The extension points have been added in SPARK-18127. Let’s take a look at the API and some of the internals of how Spark exposes these extension points.
Note: This is an experimental API, so it could change across releases.

  • New class: SparkSessionExtensions
    This class has all the methods that you need to store and retrieve the customized rules. This new class is in Spark SQL’s core component in the org.apache.spark.sql package. Customized rules are stored in instance member variables. Let’s look at the relevant methods in this class. You’ll need to know which method to pass in the customized rule.
    • Pass in customized rules
      This class has methods that start with prefix inject that allows you to pass in your customized rules. It has the following inject methods:
      • injectOptimizerRule – Adds Optimizer rules
      • injectParser – Adds parser extensions rules
      • injectPlannerStrategy – Adds physical planning strategy rules
      • injectResolutionRule – Adds analyzer rules
      • injectPostHocResolutionRule – Adds postHoc resolution rules in the analyzer
      • injectCheckRule – Adds check rules in the analyzer during the analysis phase
      For example: To add an optimizer rule, you’ll need to use the injectOptimizerRule method to inject your customized optimizer rule.
    • Retrieve customized rules
      The following methods have the prefix ‘build’ that are used by the Spark internals to retrieve the customized rules and pass them to the Spark components.
      • buildOptimizerRules
      • buildParser
      • buildPlannerStrategies
      • buildResolutionRules
      • buildPostHocResolutionRules
      • buildCheckRules
  • Pass customized rules to SparkSession
    There are two ways that you can pass customized rules from the Spark application:
    1. Use the new method withExtensions on SparkSession.Builder. The withExtensions method takes in a function that accepts a SparkSessionExtensions.
      def withExtensions(f: SparkSessionExtensions => Unit): Builder
      You can inject the customizable rules by providing a function that calls the inject methods on the passed SparkSessionExtensions object. The SparkSession.builder instantiates a SparkSessionExtensions object and calls the user function. When a SparkSession is created, it will pass in the SparkSessionExtensions object that has the injected rules.
    2. Use the Spark configuration parameter.
      You can pass the customization rules by using the configuration parameter ‘spark.sql.extensions’. You define a class that takes in the SparkSessionExtensions and calls the inject methods on it to pass in the customized rules. You’ll need to set the Spark configuration parameter ‘spark.sql.extensions’ to this class and then create your SparkSession.
      Note: This article does not cover an example for this specific case; however, you can take a look at the unit test suite in the Spark SQL codeline at org.apache.spark.sql.SparkSessionExtensionSuite that shows an example of this scenario.

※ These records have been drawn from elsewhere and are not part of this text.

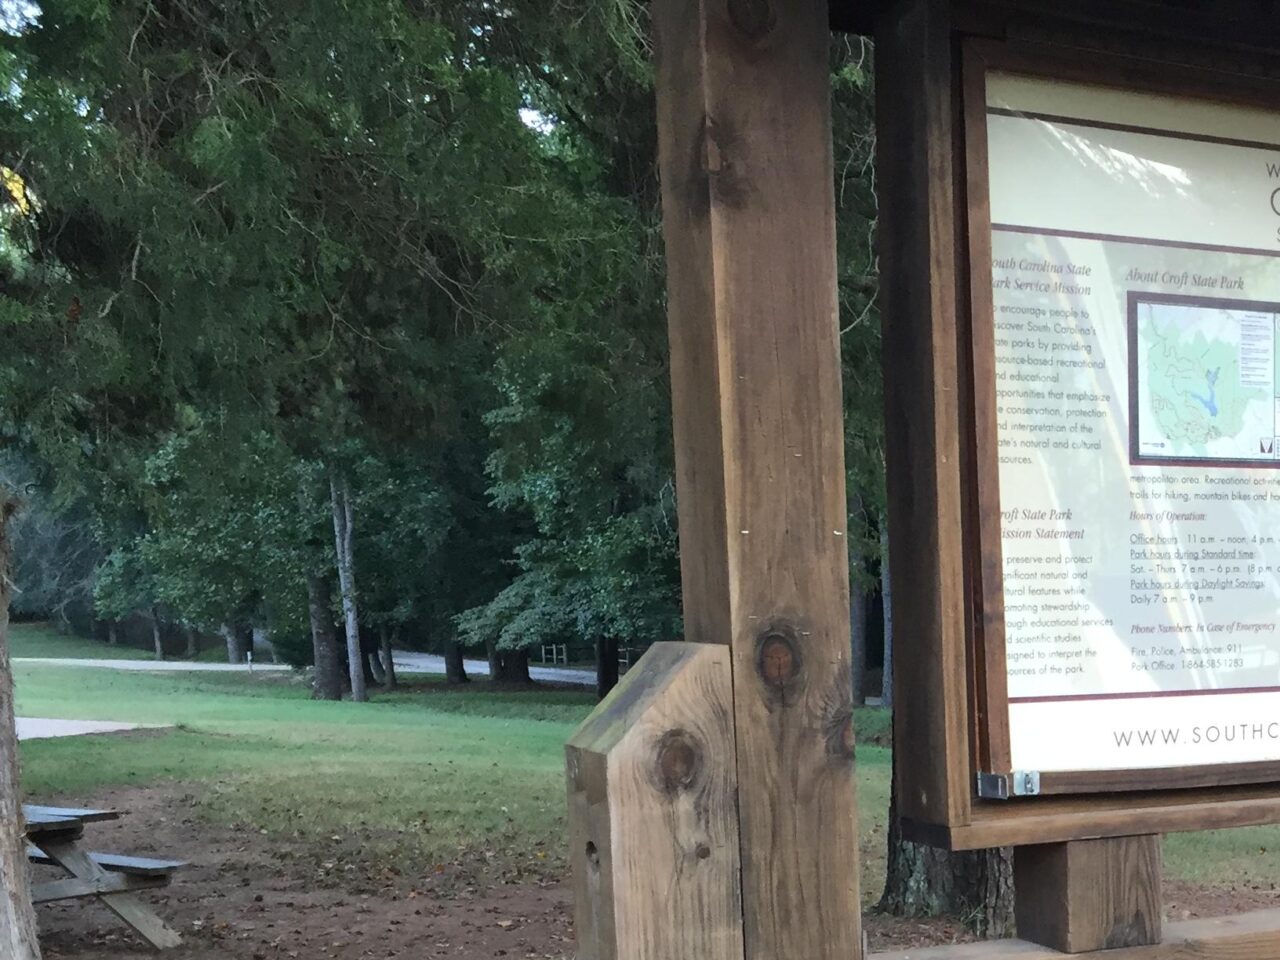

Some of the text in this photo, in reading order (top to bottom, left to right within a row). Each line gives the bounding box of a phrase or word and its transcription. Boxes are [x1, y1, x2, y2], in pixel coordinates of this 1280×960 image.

[992, 257, 1092, 276] outh Carolina State
[1125, 267, 1245, 289] About Croft State Park
[991, 276, 1091, 295] ark Service Mission
[1000, 305, 1046, 318] encourage
[1049, 307, 1079, 320] people
[1027, 321, 1051, 333] South
[1011, 338, 1035, 350] parks
[1051, 341, 1092, 354] providing
[1056, 358, 1106, 369] recreational
[1009, 371, 1059, 383] educational
[996, 388, 1111, 403] pportunities that emphasize
[1066, 408, 1107, 419] protection
[1010, 421, 1066, 433] interpretation
[998, 437, 1101, 449] ate's natural and cultural
[1130, 490, 1148, 499] trails
[1194, 491, 1229, 500] mountain
[1231, 492, 1251, 500] bikes
[1253, 492, 1267, 501] and
[1000, 508, 1073, 523] roft State Park
[1129, 511, 1154, 520] Hours
[1001, 529, 1085, 538] ission Statement
[1129, 533, 1155, 543] Office
[1130, 549, 1146, 558] Park
[1150, 549, 1171, 558] hours
[1175, 549, 1198, 560] during
[1202, 549, 1236, 558] Standard
[1006, 558, 1043, 566] preserve
[1065, 556, 1093, 565] protect
[1040, 571, 1068, 579] natural
[1072, 570, 1088, 579] and
[1131, 579, 1147, 588] Park
[1150, 579, 1171, 588] hours
[1175, 579, 1199, 590] during
[1202, 578, 1233, 590] Daylight
[1028, 587, 1060, 595] features
[1064, 587, 1086, 595] while
[1130, 594, 1150, 605] Daily
[1005, 602, 1090, 614] omoting stewardship
[1030, 618, 1078, 627] educational
[1081, 617, 1113, 626] services
[1131, 625, 1155, 634] Phone
[1206, 623, 1224, 632] Case
[1236, 622, 1276, 633] Emergency
[1015, 634, 1051, 643] scientific
[1054, 634, 1081, 642] studies
[1227, 644, 1242, 653] 911
[1048, 649, 1082, 660] interpret
[1131, 661, 1149, 671] Park
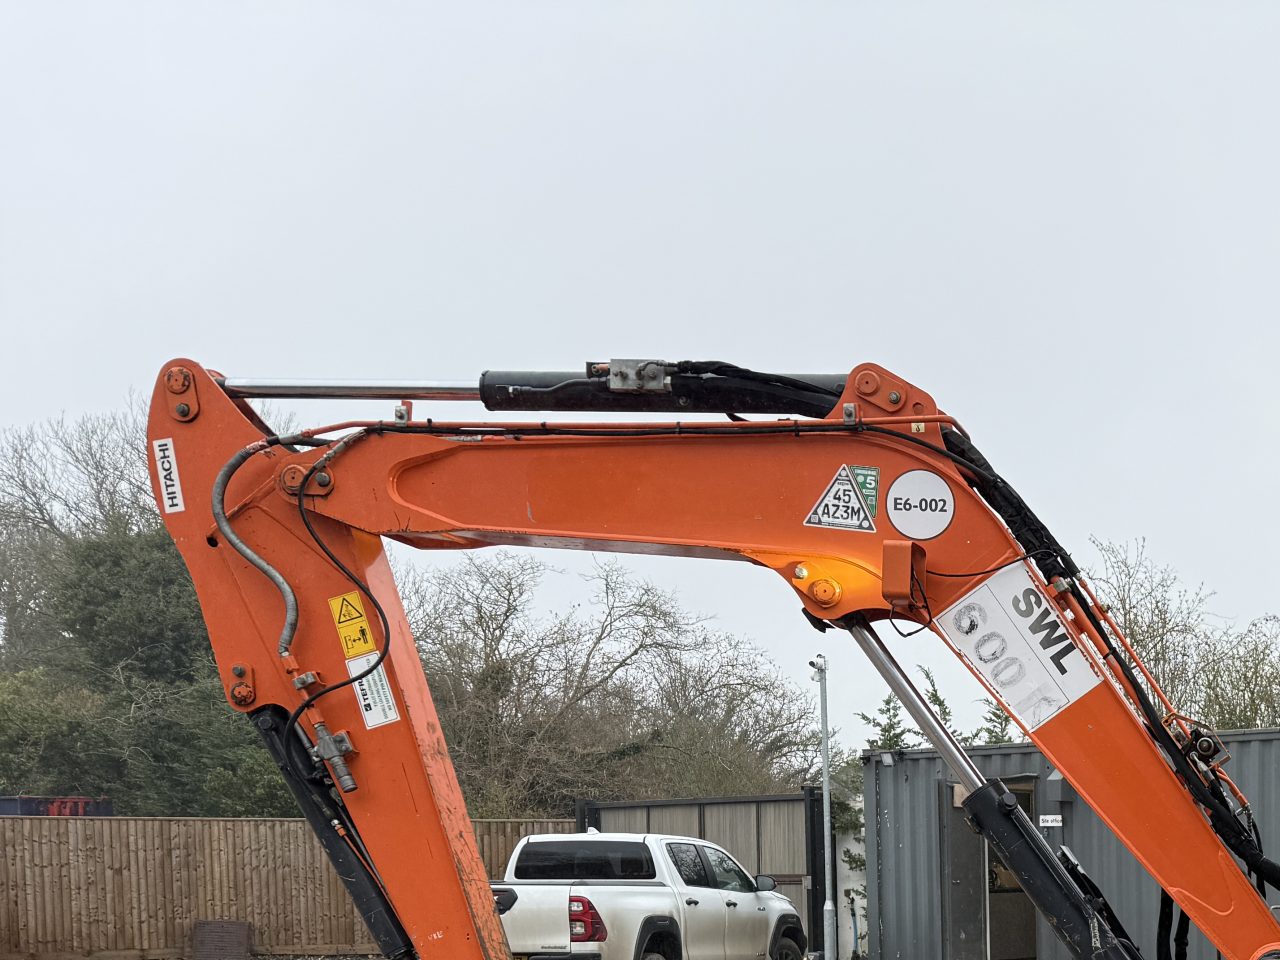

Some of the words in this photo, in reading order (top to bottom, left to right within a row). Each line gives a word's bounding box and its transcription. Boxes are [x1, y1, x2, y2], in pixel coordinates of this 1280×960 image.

Extend Spark with a new Optimizer rule

Let’s now look into using the extension points API to add a new Optimizer rule that collapses adjacent sorts in the plan into one sort. The following examples are written in Scala.

Step 1: Create an Optimizer rule class

To implement the collapse sorts optimizer rule, use the CollapseSorts class as shown in the following example:


/**
 
  * Add a new Optimizer rule: CollapseSorts
 
  * Collapse two adjacent sort operators into one if possible. Keep the last sort
 
  * This rule applies to the scenario where the globalOrder is same for the Sort nodes    
  * and then
 either a) The sorts are adjacent or b) In between two Sort nodes, there 
  * is a Filter or 
a Project

  */
case class CollapseSorts(spark: SparkSession) extends Rule[LogicalPlan]  {
    def apply(plan: LogicalPlan): LogicalPlan = plan transform {
      case ss @ Sort( _, globalOrder, ns @ Sort ( _, g, grandChild))
        if globalOrder == g => ss.copy( child = grandChild)
      case ss @ Sort( _, globalOrder, p @ Project( _, c @ Sort( _, g, ggchild)))
        if globalOrder == g => ss.copy( child = p.copy( child = ggchild))
      case ss @ Sort( _, globalOrder, f @ Filter( _, c @ Sort( _, g, ggchild)))
        if globalOrder == g => ss.copy( child = f.copy( child = ggchild))
    }
  }


Note: You’ll need to understand the Spark catalyst internals to write your own Optimizer rule. The LogicalPlan, the Sort, Project, and Filter classes are all part of the LogicalPlan; these are Spark internal classes. You’ll need the Spark jars to compile our new CollapseSorts rule.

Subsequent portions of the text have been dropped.